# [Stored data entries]
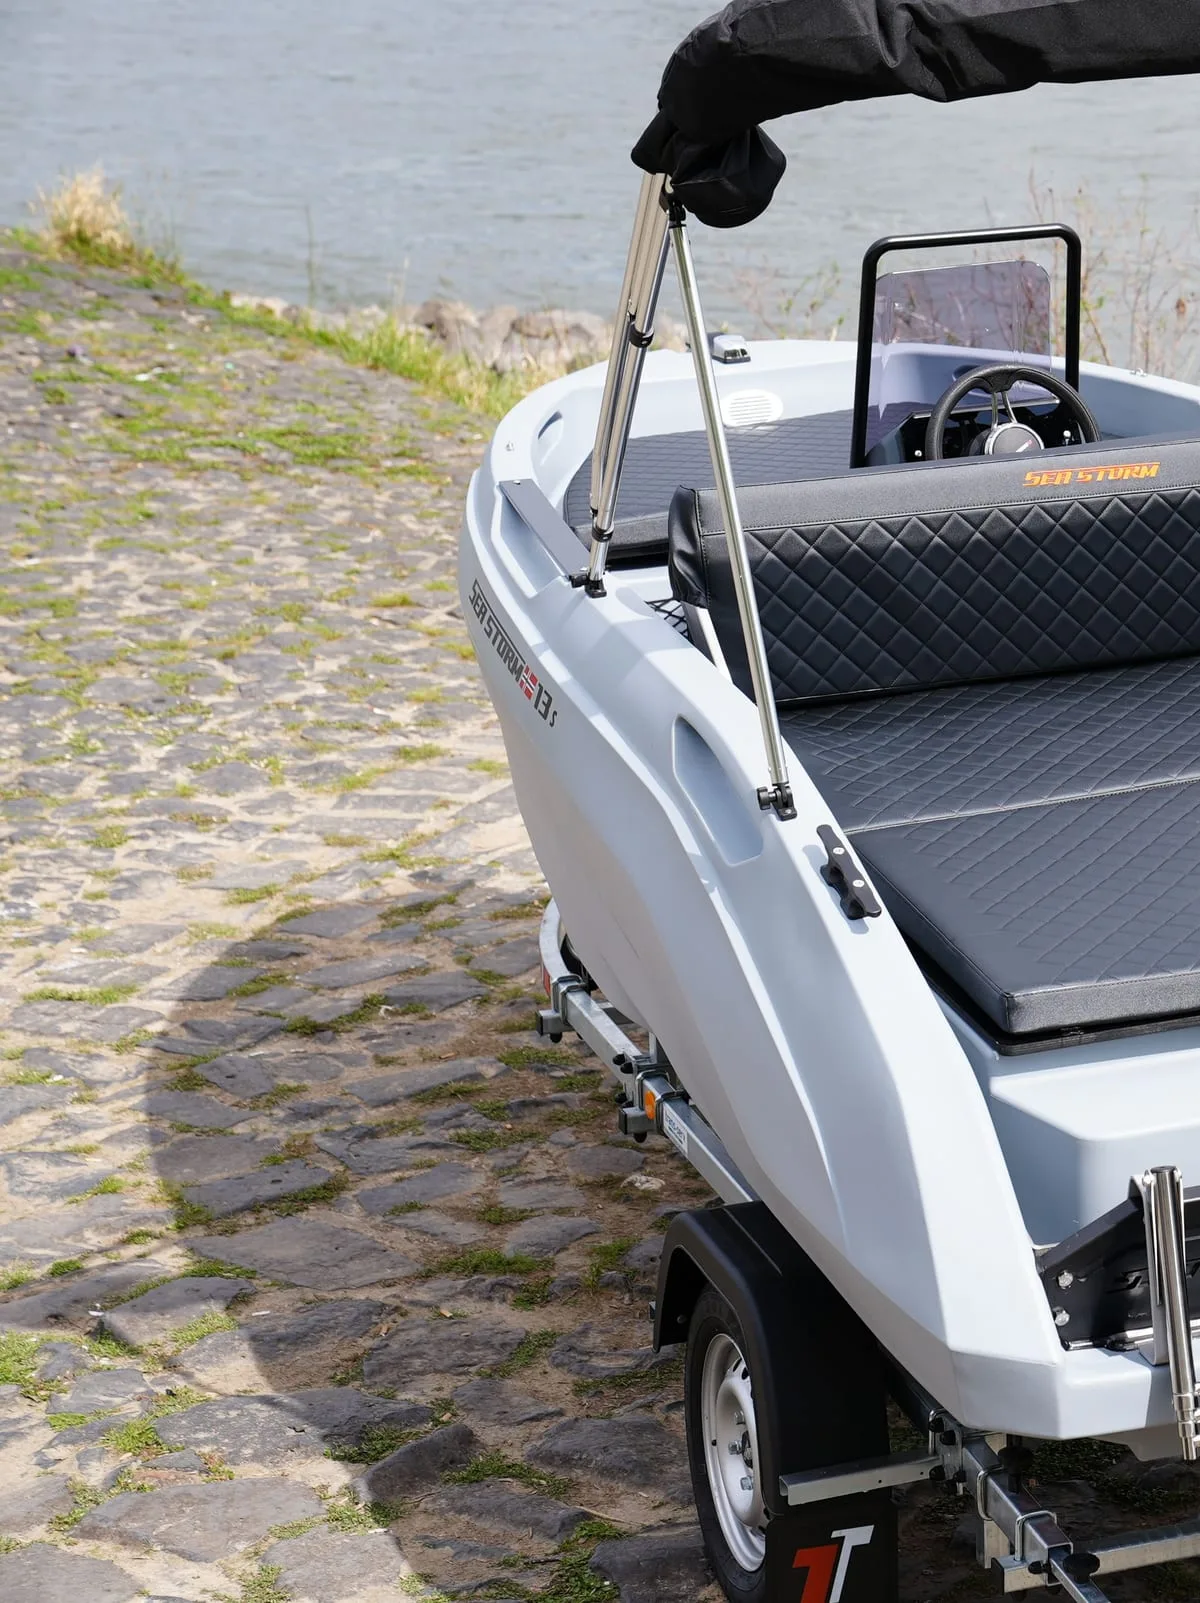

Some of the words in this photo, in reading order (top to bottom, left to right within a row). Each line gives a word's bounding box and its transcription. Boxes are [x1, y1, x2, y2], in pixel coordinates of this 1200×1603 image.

[1023, 470, 1072, 487] SEA
[1075, 462, 1160, 482] STORM
[468, 579, 489, 625] SEA
[484, 614, 526, 683] STORM
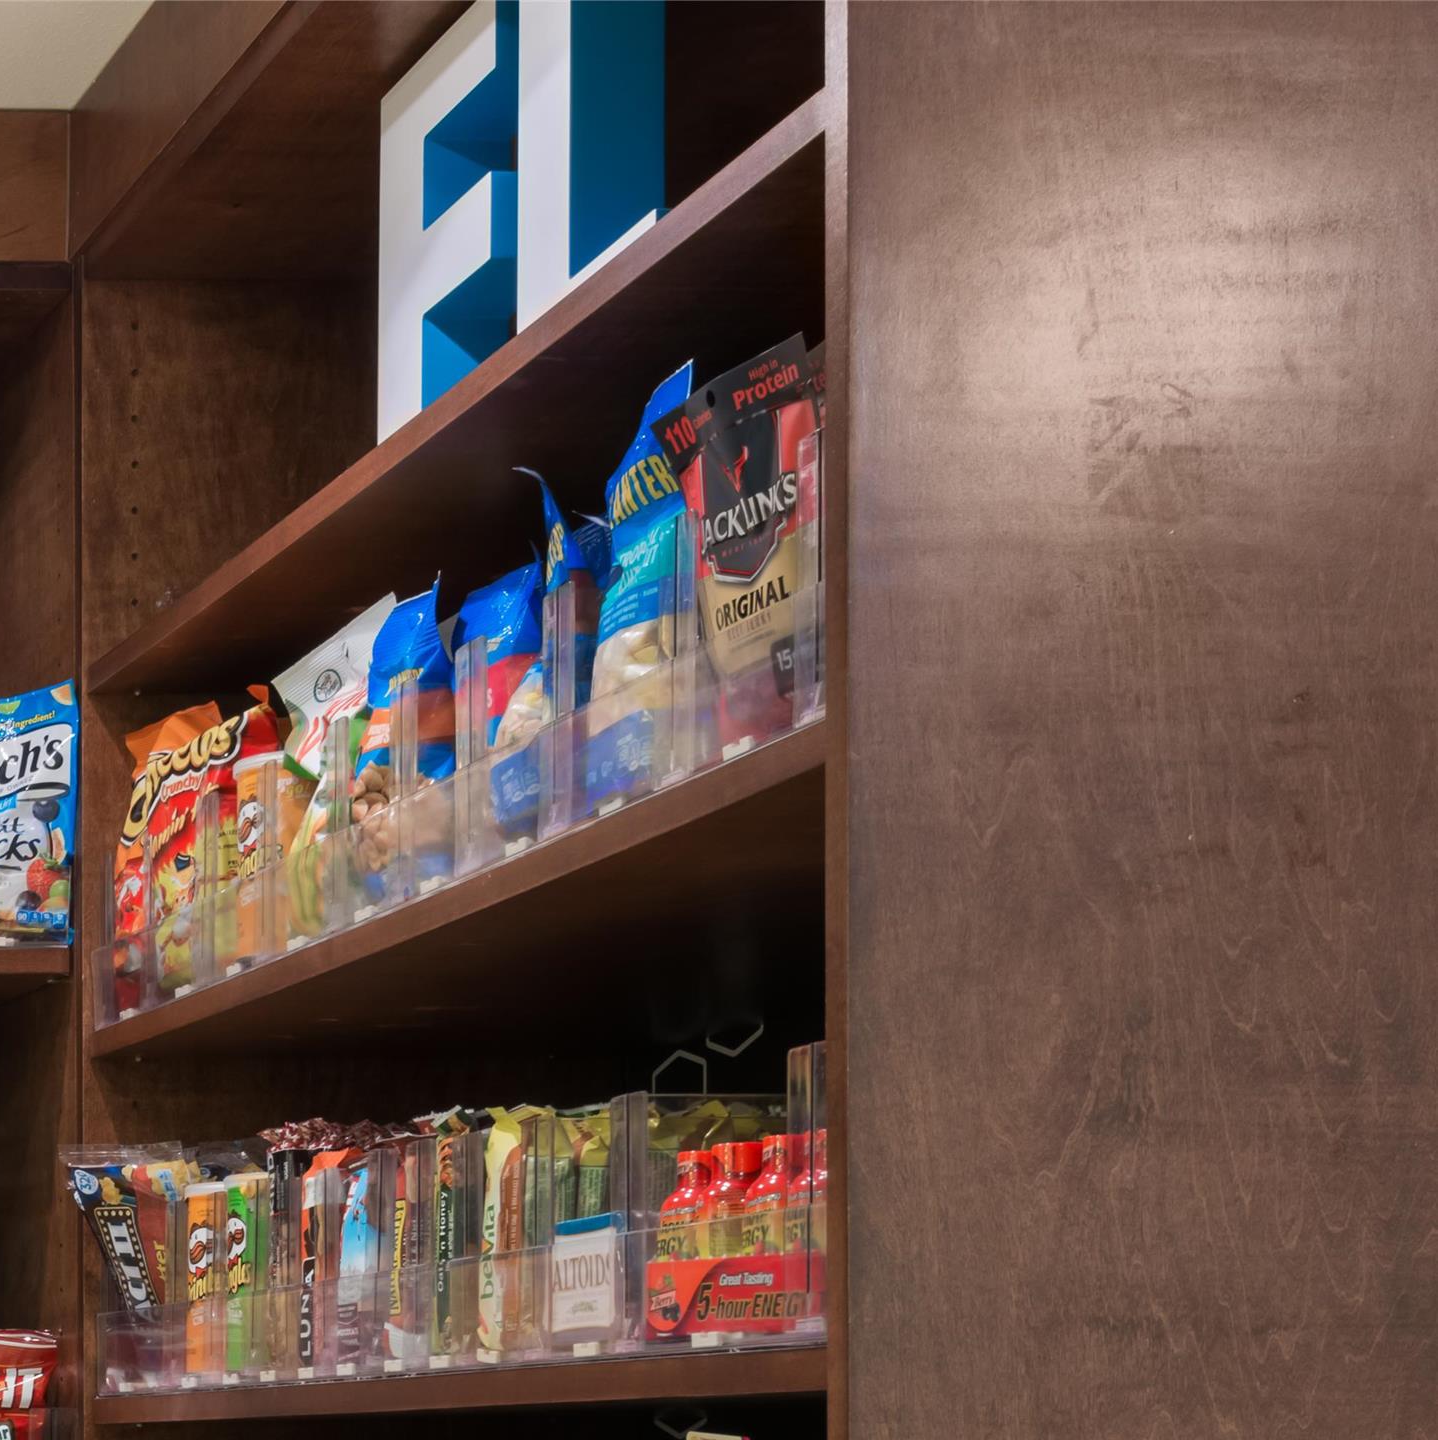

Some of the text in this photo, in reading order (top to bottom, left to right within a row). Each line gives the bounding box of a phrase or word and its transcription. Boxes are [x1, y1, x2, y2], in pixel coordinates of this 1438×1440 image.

[732, 363, 800, 410] Protein
[665, 416, 698, 455] 110
[715, 575, 791, 632] ORIGINAL
[439, 1191, 449, 1240] Honey
[718, 1271, 774, 1287] Great Tasting
[697, 1283, 751, 1321] 5-hour
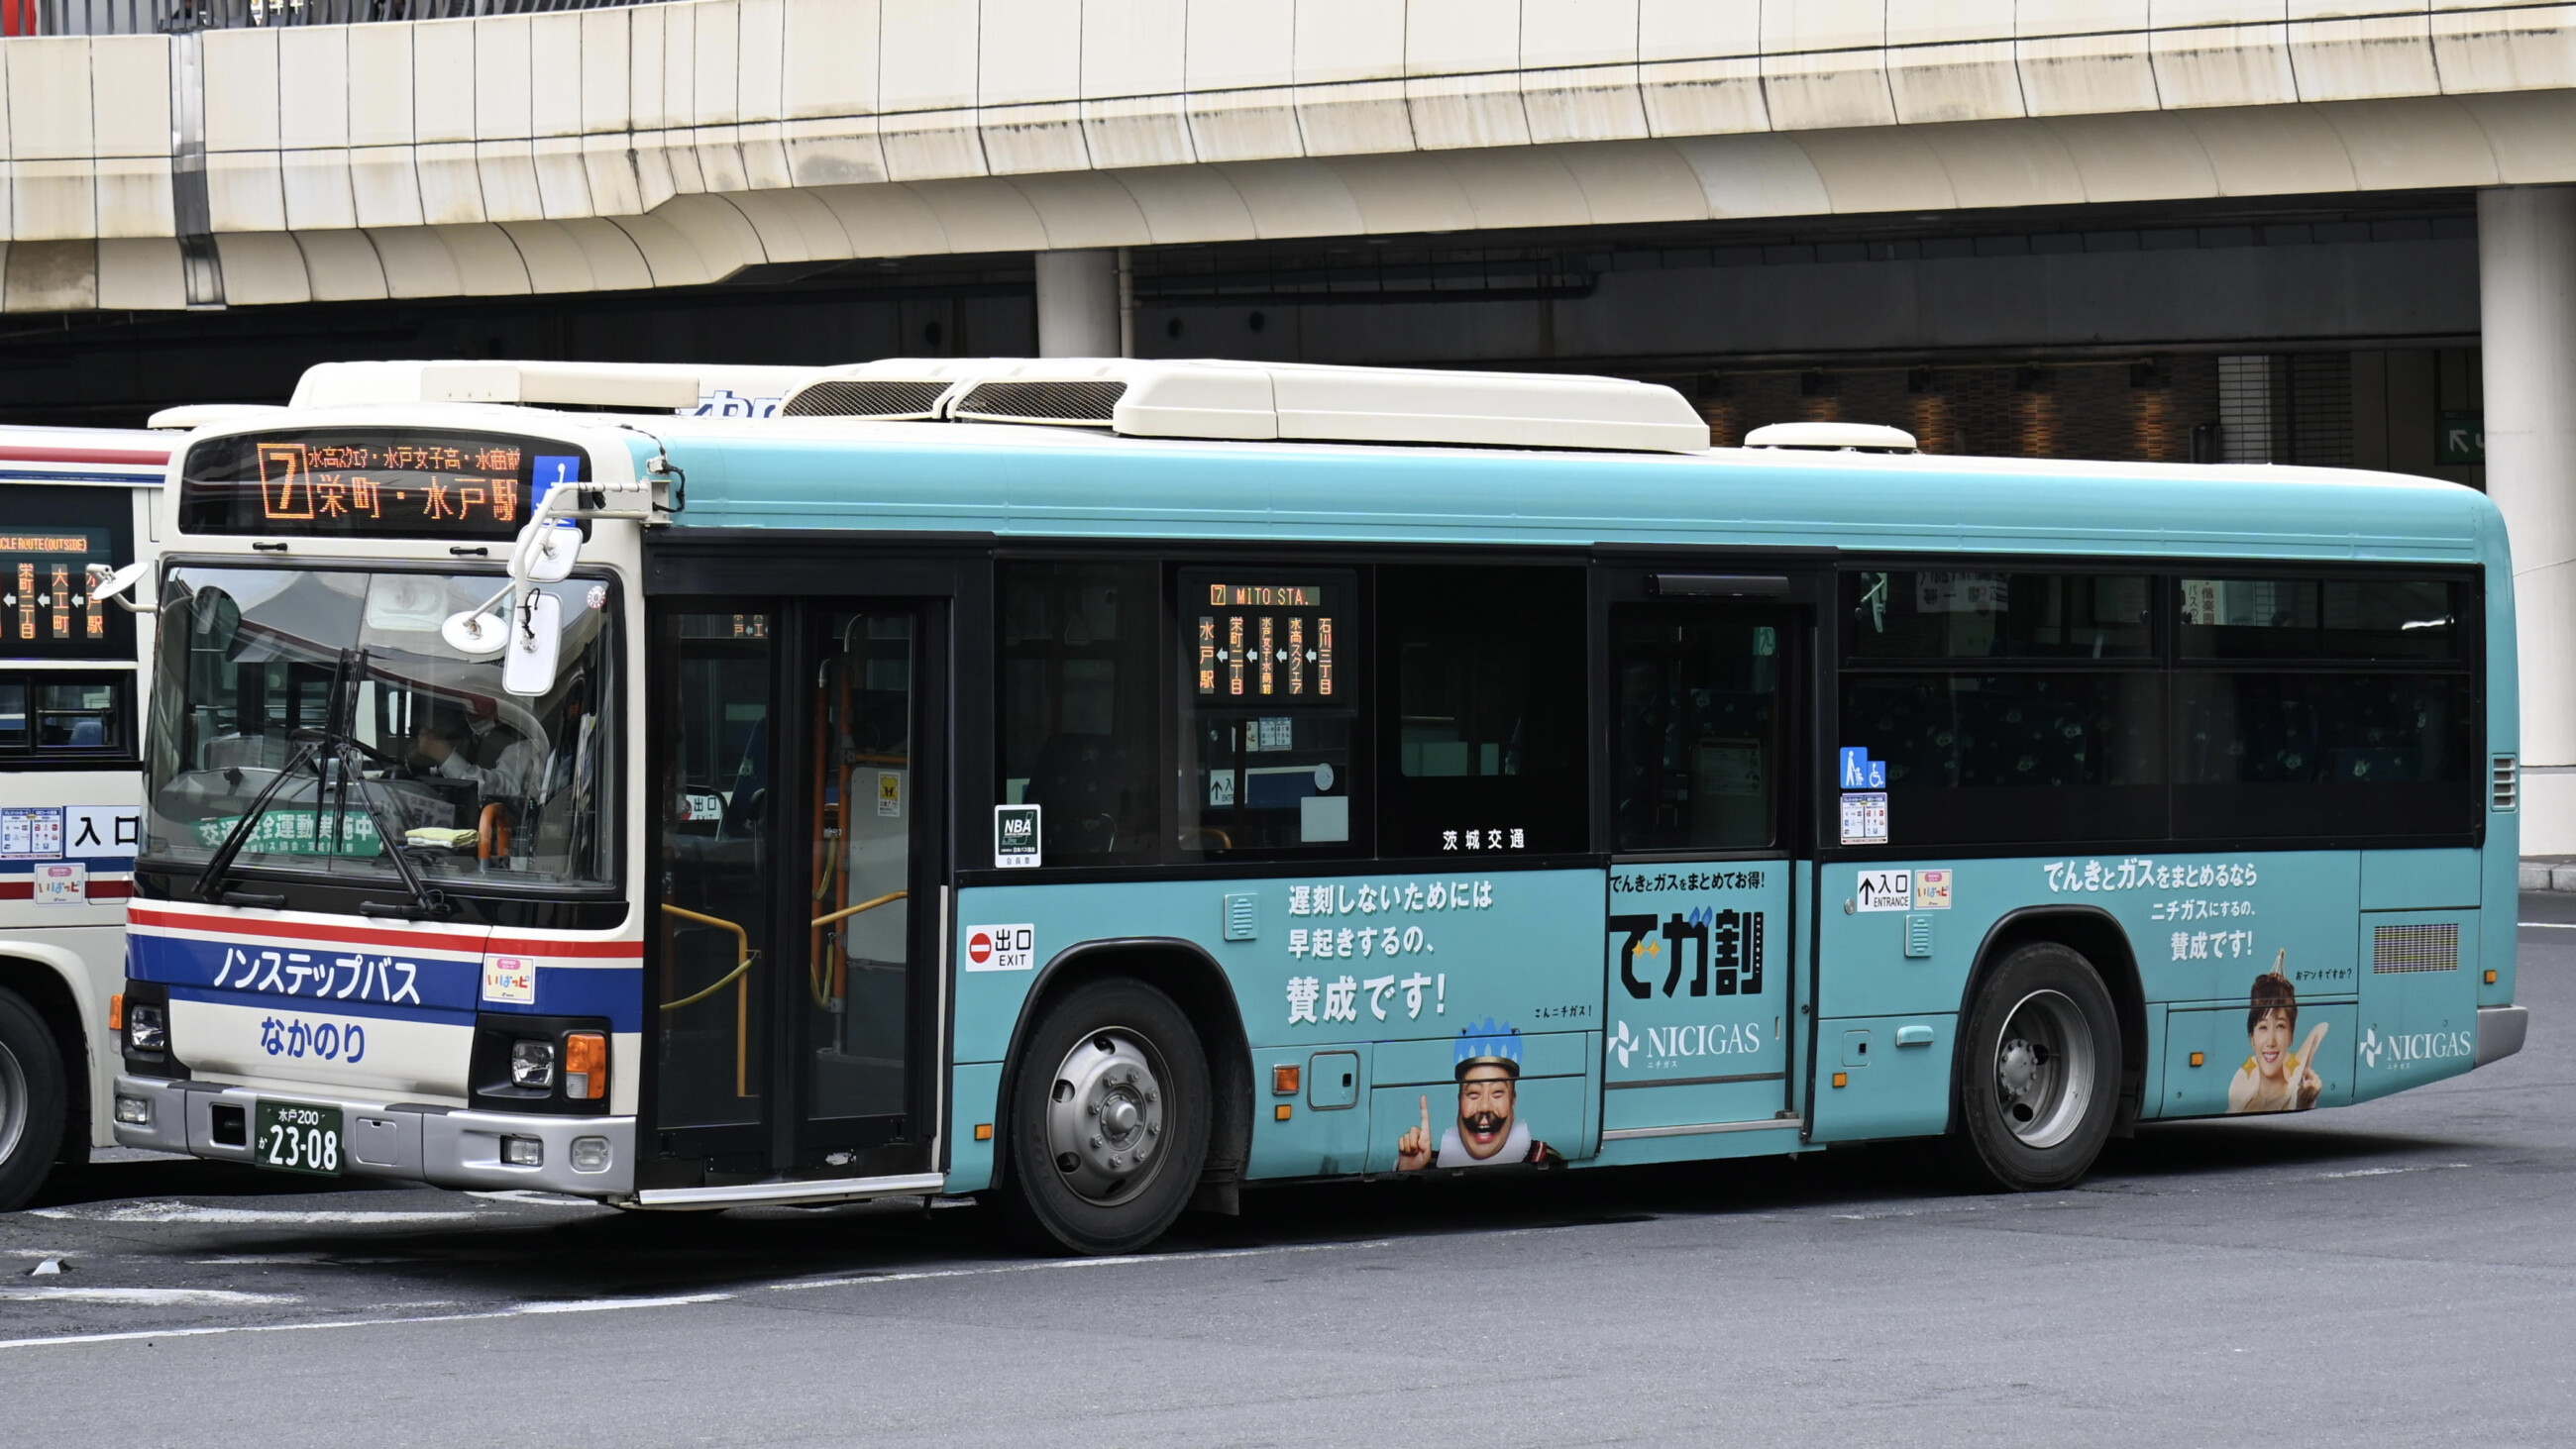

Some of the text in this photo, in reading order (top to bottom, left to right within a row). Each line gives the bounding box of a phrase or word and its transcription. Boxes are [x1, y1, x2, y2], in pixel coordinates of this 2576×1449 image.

[269, 452, 296, 510] 7
[316, 473, 519, 522] 栄町・水戸駅
[0, 538, 17, 551] CLE
[19, 564, 36, 640] 栄町二丁目
[53, 568, 69, 634] 大工町
[1236, 587, 1270, 605] MITO
[1277, 588, 1309, 605] STA.
[1199, 620, 1215, 689] 水戸駅
[1230, 616, 1243, 695] 栄町二丁目
[1290, 618, 1303, 694] 水高スクエア
[1319, 618, 1333, 695] 石川三丁目
[74, 815, 140, 847] 入口
[1004, 818, 1031, 833] NBA
[1443, 827, 1526, 851] 茨城交通
[1609, 871, 1766, 893] でんきとガスをまとめてお得!
[1878, 874, 1908, 894] 入口
[2044, 858, 2258, 892] でんきとガスをまとめるなら
[1288, 880, 1493, 917] 遅刻しないためには
[1874, 896, 1909, 907] ENTRANCE
[2151, 898, 2257, 922] ニチガスにするの、
[995, 929, 1032, 953] 出口
[1288, 926, 1436, 961] 早起きするの、
[2170, 929, 2253, 963] 賛成です!
[213, 947, 421, 1005] ノンステップバス
[998, 953, 1026, 967] EXIT
[1286, 972, 1446, 1028] 賛成です!
[261, 1016, 366, 1064] なかのり
[1647, 1022, 1761, 1059] NICIGAS
[2388, 1031, 2472, 1062] NICIGAS
[1647, 1060, 1677, 1070] ニチガス
[268, 1125, 338, 1172] 23-08

# [EXERCISE REQUIREMENTS]
Print each record exactly as it stands, skipping the pictures.

# [SOLUTION]
Some of the words in this photo, in reading order (top to bottom, left to right within a row). Each line gives a word's bounding box and its transcription. Boxes are [x1, y1, x2, y2], in pixel coordinates of this 1200×1603 image.

[1023, 470, 1072, 487] SEA
[1075, 462, 1160, 482] STORM
[468, 579, 489, 625] SEA
[484, 614, 526, 683] STORM

Some of the text in this photo, in reading order (top to bottom, left to right within a row). Each line gives the bounding box of a phrase or word and its transcription. Boxes are [x1, y1, x2, y2], in pixel coordinates of this 1438×1440 image.

[732, 363, 800, 410] Protein
[665, 416, 698, 455] 110
[715, 575, 791, 632] ORIGINAL
[439, 1191, 449, 1240] Honey
[718, 1271, 774, 1287] Great Tasting
[697, 1283, 751, 1321] 5-hour

Some of the text in this photo, in reading order (top to bottom, left to right within a row). Each line gives the bounding box of a phrase or word and its transcription. Boxes are [x1, y1, x2, y2], in pixel coordinates of this 2576×1449 image.

[269, 452, 296, 510] 7
[316, 473, 519, 522] 栄町・水戸駅
[0, 538, 17, 551] CLE
[19, 564, 36, 640] 栄町二丁目
[53, 568, 69, 634] 大工町
[1236, 587, 1270, 605] MITO
[1277, 588, 1309, 605] STA.
[1199, 620, 1215, 689] 水戸駅
[1230, 616, 1243, 695] 栄町二丁目
[1290, 618, 1303, 694] 水高スクエア
[1319, 618, 1333, 695] 石川三丁目
[74, 815, 140, 847] 入口
[1004, 818, 1031, 833] NBA
[1443, 827, 1526, 851] 茨城交通
[1609, 871, 1766, 893] でんきとガスをまとめてお得!
[1878, 874, 1908, 894] 入口
[2044, 858, 2258, 892] でんきとガスをまとめるなら
[1288, 880, 1493, 917] 遅刻しないためには
[1874, 896, 1909, 907] ENTRANCE
[2151, 898, 2257, 922] ニチガスにするの、
[995, 929, 1032, 953] 出口
[1288, 926, 1436, 961] 早起きするの、
[2170, 929, 2253, 963] 賛成です!
[213, 947, 421, 1005] ノンステップバス
[998, 953, 1026, 967] EXIT
[1286, 972, 1446, 1028] 賛成です!
[261, 1016, 366, 1064] なかのり
[1647, 1022, 1761, 1059] NICIGAS
[2388, 1031, 2472, 1062] NICIGAS
[1647, 1060, 1677, 1070] ニチガス
[268, 1125, 338, 1172] 23-08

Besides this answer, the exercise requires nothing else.